--- START ---
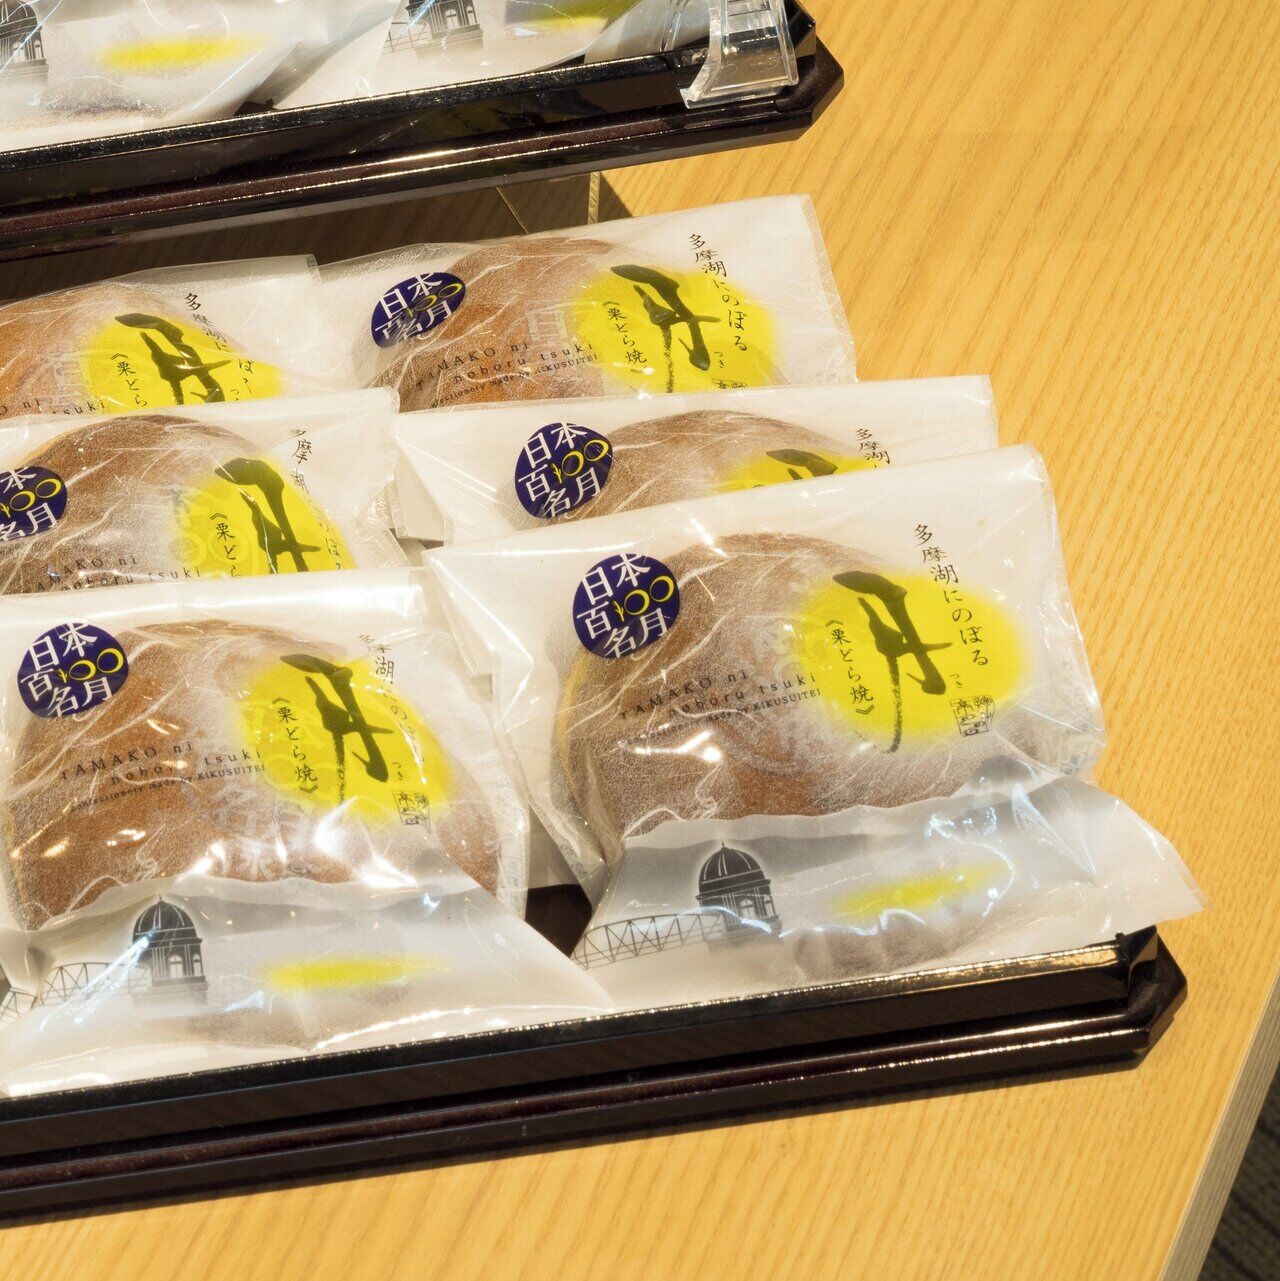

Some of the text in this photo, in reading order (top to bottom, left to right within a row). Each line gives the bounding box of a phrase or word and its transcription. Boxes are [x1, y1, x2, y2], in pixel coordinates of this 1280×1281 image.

[378, 273, 442, 319] 日本
[689, 233, 748, 351] 多摩湖にのぼる
[610, 264, 722, 393] 月
[524, 422, 587, 468] 日本
[543, 467, 600, 517] 名月
[581, 553, 651, 605] 日本
[914, 524, 988, 666] 多摩湖にのぼる
[28, 623, 97, 670] 日本
[604, 608, 669, 658] 名月
[832, 571, 953, 753] 月
[47, 677, 114, 717] 名月
[620, 677, 712, 720] TAMAKO
[60, 747, 157, 782] TAMAKO
--- END ---
• _Prompt_
Although the records contain pictures, your copy should hold only the text, reproduced exactly.

• _Response_
Some of the text in this photo, in reading order (top to bottom, left to right within a row). Each line gives the bounding box of a phrase or word and its transcription. Boxes are [x1, y1, x2, y2], in pixel coordinates of this 1280×1281 image.

[378, 273, 442, 319] 日本
[689, 233, 748, 351] 多摩湖にのぼる
[610, 264, 722, 393] 月
[524, 422, 587, 468] 日本
[543, 467, 600, 517] 名月
[581, 553, 651, 605] 日本
[914, 524, 988, 666] 多摩湖にのぼる
[28, 623, 97, 670] 日本
[604, 608, 669, 658] 名月
[832, 571, 953, 753] 月
[47, 677, 114, 717] 名月
[620, 677, 712, 720] TAMAKO
[60, 747, 157, 782] TAMAKO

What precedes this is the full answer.